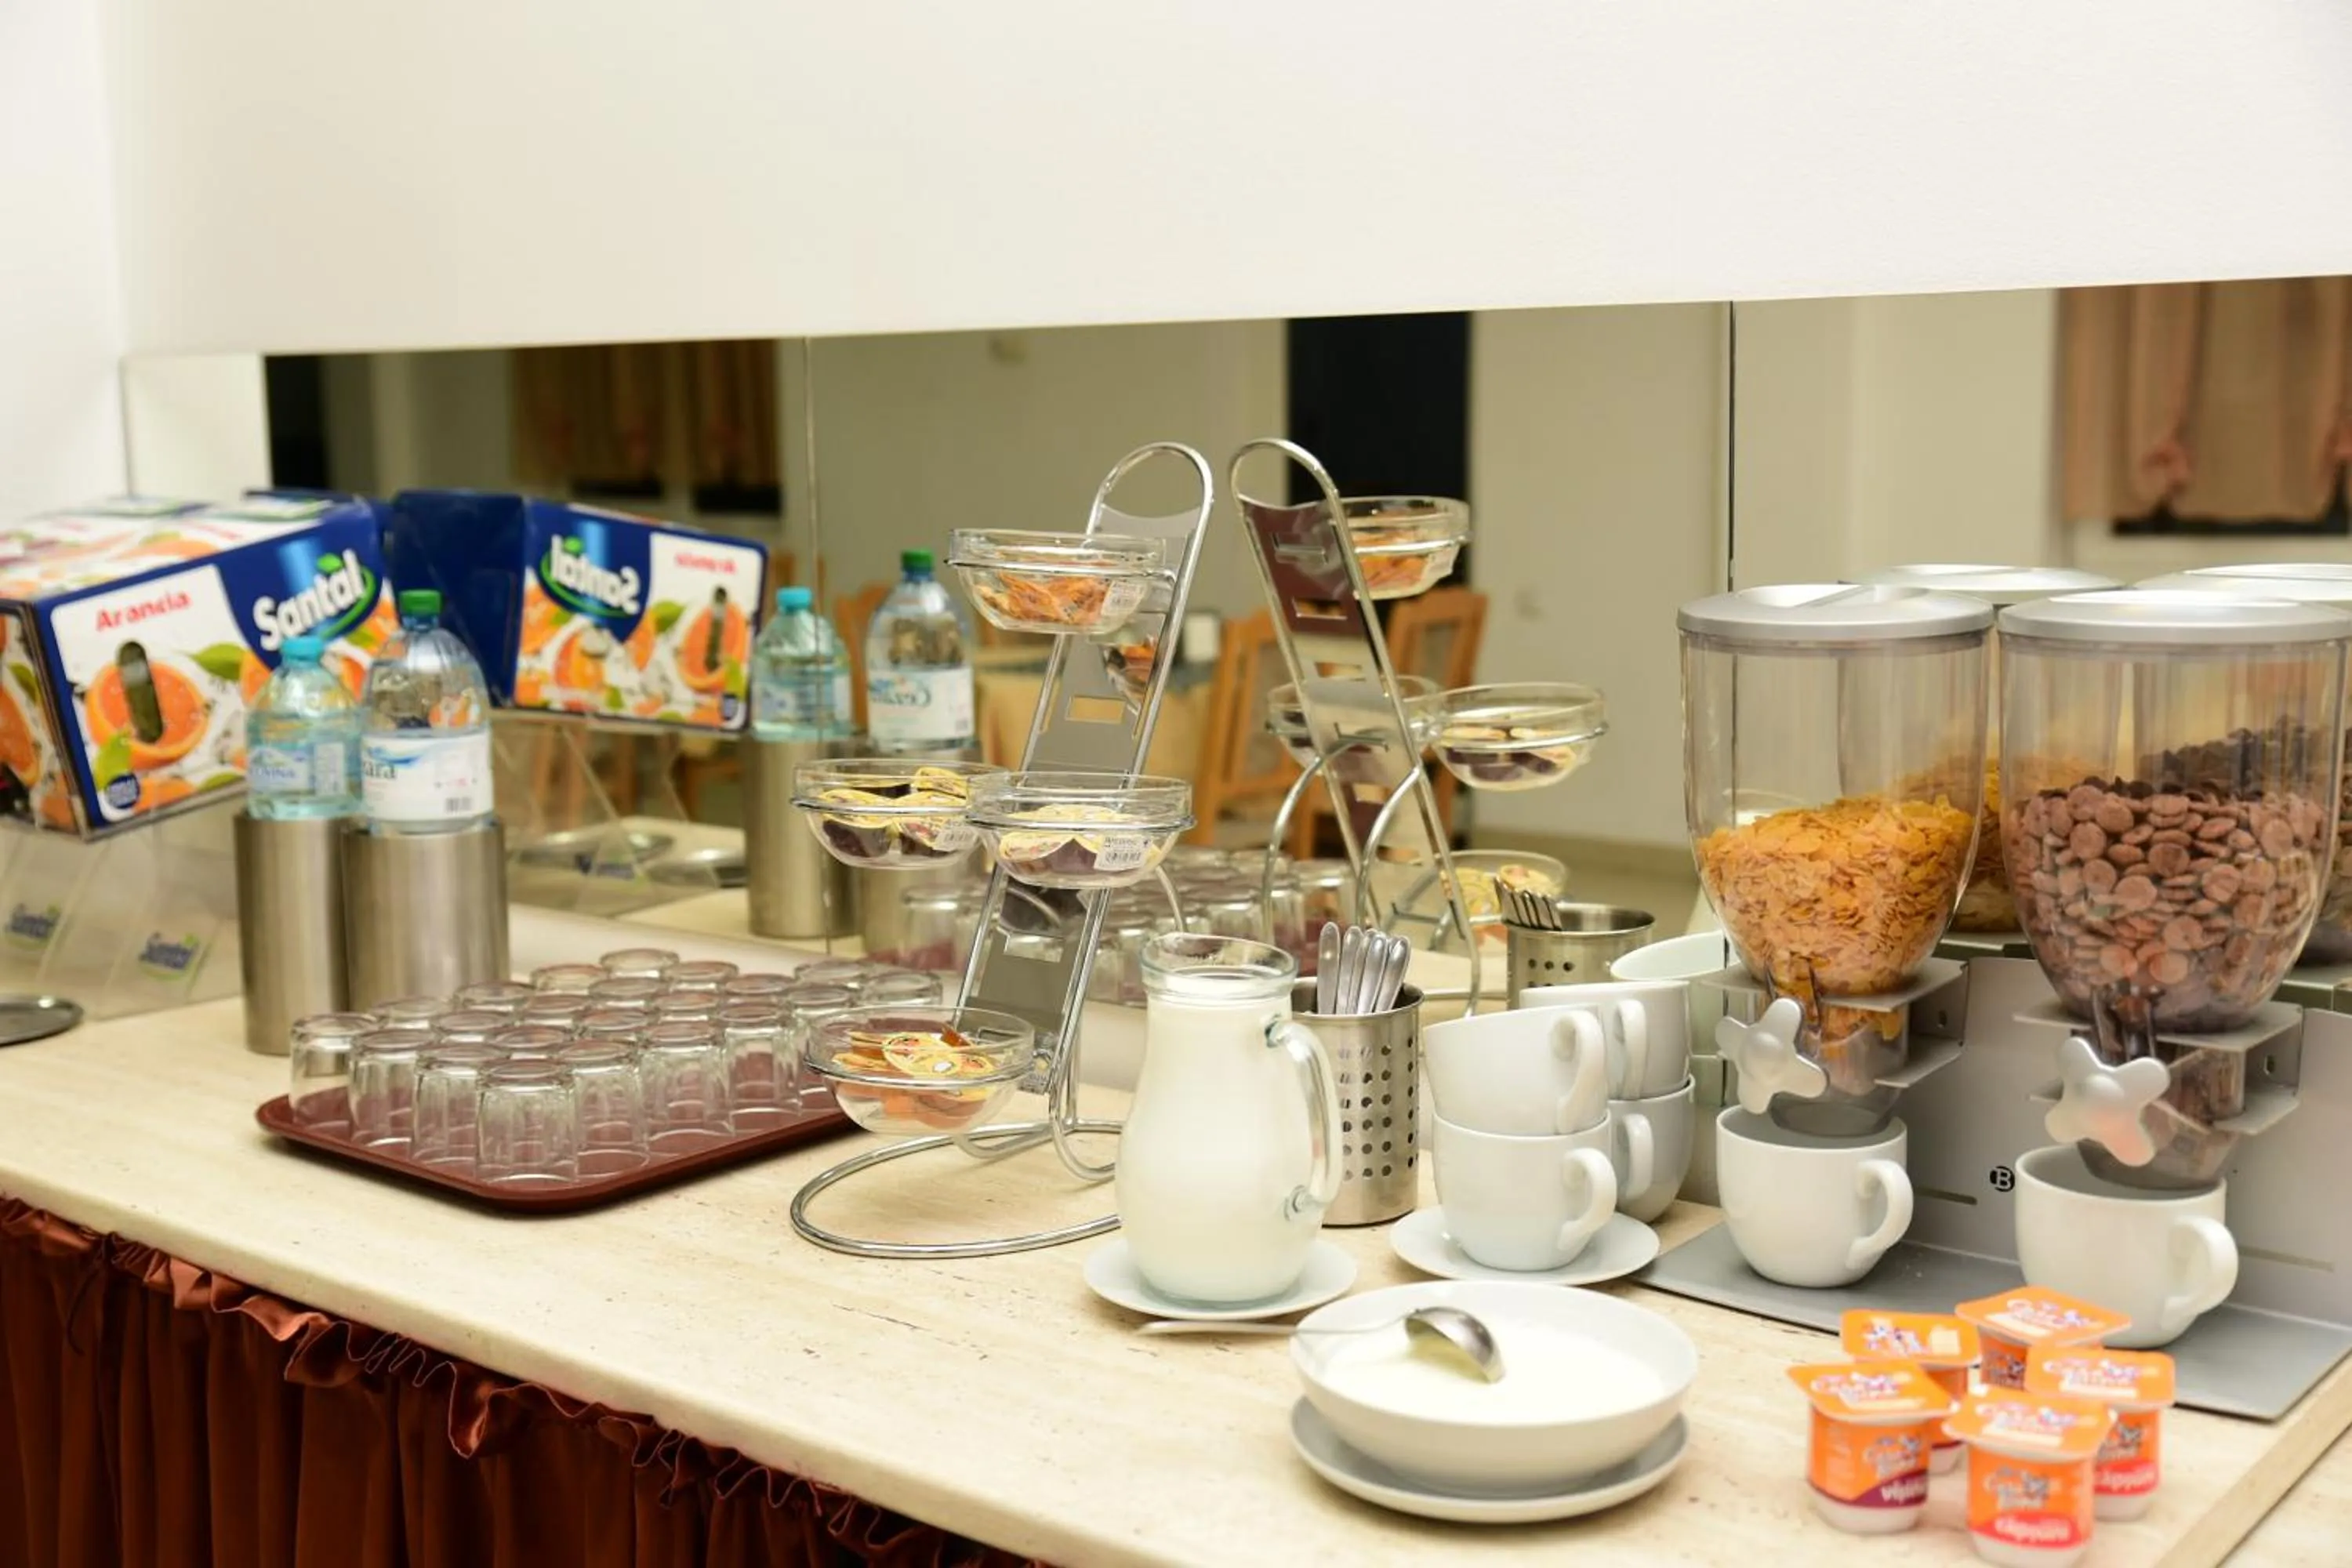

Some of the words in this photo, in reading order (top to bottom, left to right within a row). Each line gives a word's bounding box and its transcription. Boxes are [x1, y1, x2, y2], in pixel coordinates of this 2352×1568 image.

[96, 590, 192, 630] Arancia
[252, 547, 365, 652] Santal
[1991, 1167, 2013, 1191] B
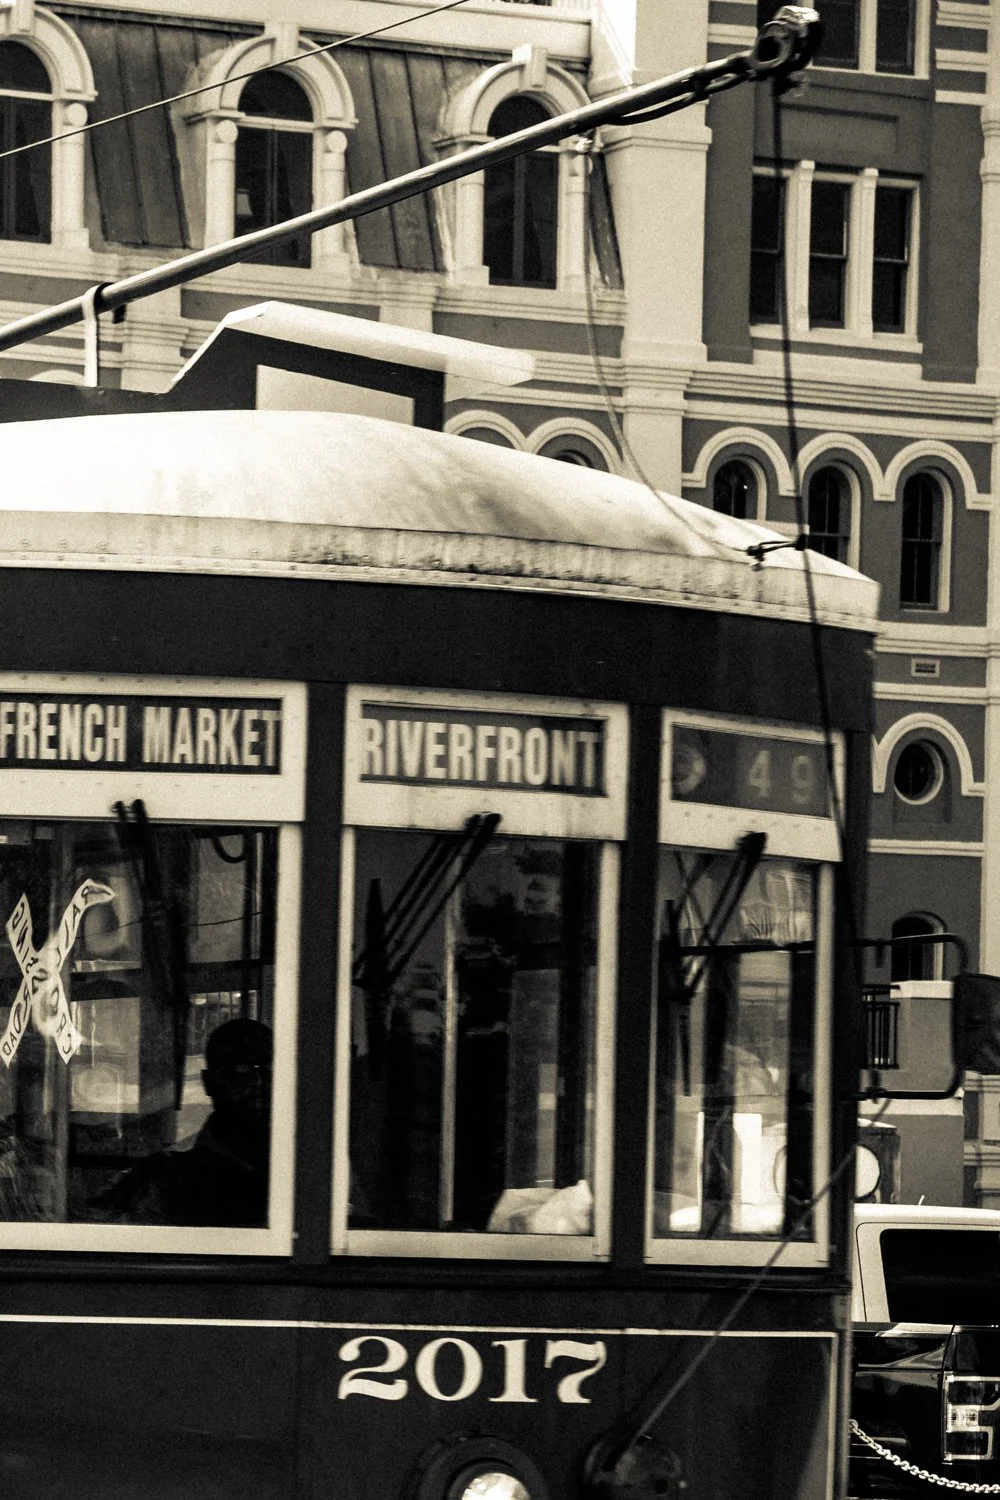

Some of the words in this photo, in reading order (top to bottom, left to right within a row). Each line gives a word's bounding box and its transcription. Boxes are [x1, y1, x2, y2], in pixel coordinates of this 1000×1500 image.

PROBLEM STATEMENT
Everything in the entries above must be output again exactly, except the pictures.

YOUR RESPONSE
Some of the words in this photo, in reading order (top to bottom, left to right within a row). Each line gives a word's bounding box and its transcription. Boxes are [x1, y1, x2, y2], in pixel coordinates of this 2352×1568 image.

[96, 590, 192, 630] Arancia
[252, 547, 365, 652] Santal
[1991, 1167, 2013, 1191] B

Some of the words in this photo, in reading order (top to bottom, left to right within a row). Each line gives a word's bounding box and its transcription. Boxes are [x1, y1, x2, y2], in pixel coordinates of this 1000×1500 image.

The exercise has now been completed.